# What is expected
Write out all of the entries that follow, word for word, but skip the pictures.

Phrase grounding data
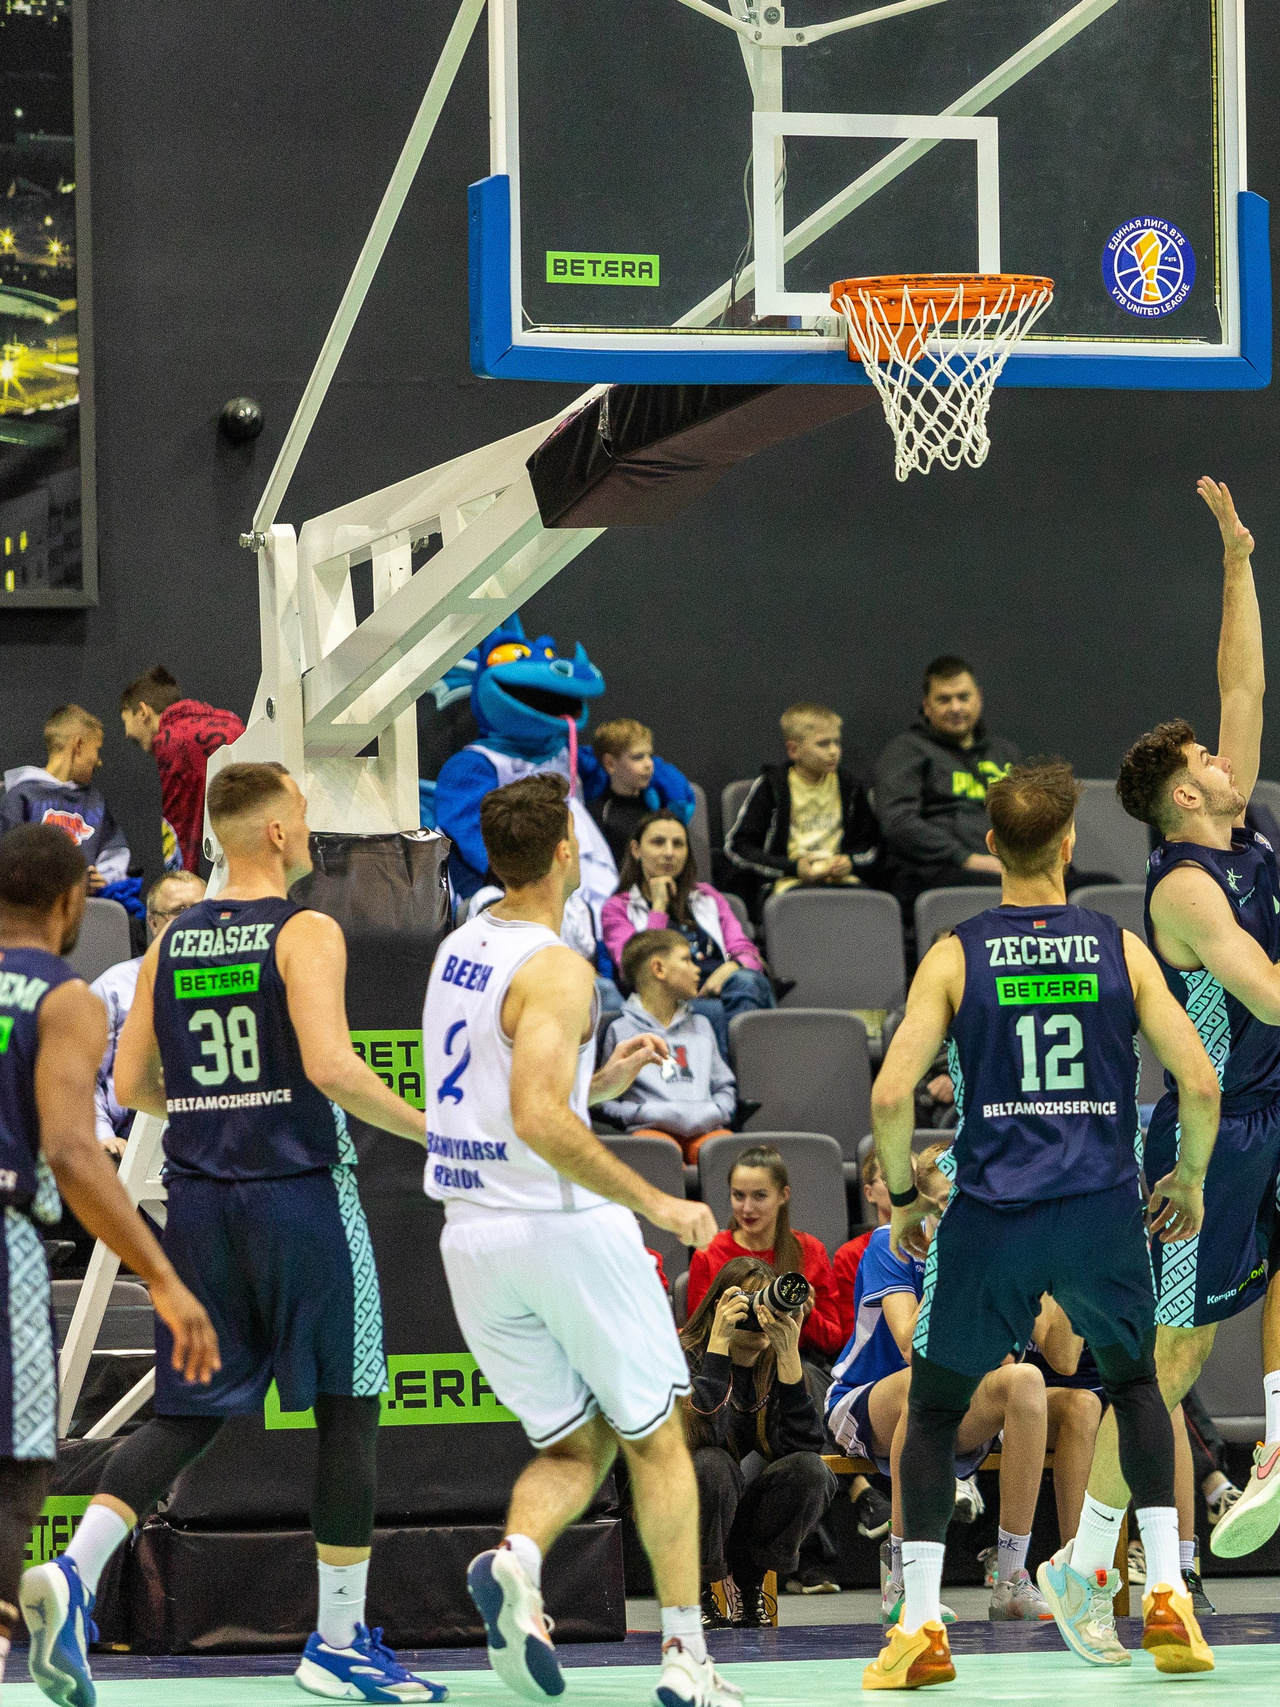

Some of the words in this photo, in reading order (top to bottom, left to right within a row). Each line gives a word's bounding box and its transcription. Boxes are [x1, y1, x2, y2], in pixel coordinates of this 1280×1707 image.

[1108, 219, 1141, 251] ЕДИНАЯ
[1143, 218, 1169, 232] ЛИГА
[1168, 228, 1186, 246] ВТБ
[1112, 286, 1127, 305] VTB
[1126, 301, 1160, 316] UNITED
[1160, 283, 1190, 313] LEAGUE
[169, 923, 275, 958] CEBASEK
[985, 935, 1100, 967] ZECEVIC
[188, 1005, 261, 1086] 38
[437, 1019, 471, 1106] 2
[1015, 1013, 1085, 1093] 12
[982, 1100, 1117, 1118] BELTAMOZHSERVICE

# Written response
Some of the words in this photo, in reading order (top to bottom, left to right within a row). Each line gives a word's bounding box and its transcription. Boxes are [x1, y1, x2, y2], in pixel coordinates of this 1280×1707 image.

[1108, 219, 1141, 251] ЕДИНАЯ
[1143, 218, 1169, 232] ЛИГА
[1168, 228, 1186, 246] ВТБ
[1112, 286, 1127, 305] VTB
[1126, 301, 1160, 316] UNITED
[1160, 283, 1190, 313] LEAGUE
[169, 923, 275, 958] CEBASEK
[985, 935, 1100, 967] ZECEVIC
[188, 1005, 261, 1086] 38
[437, 1019, 471, 1106] 2
[1015, 1013, 1085, 1093] 12
[982, 1100, 1117, 1118] BELTAMOZHSERVICE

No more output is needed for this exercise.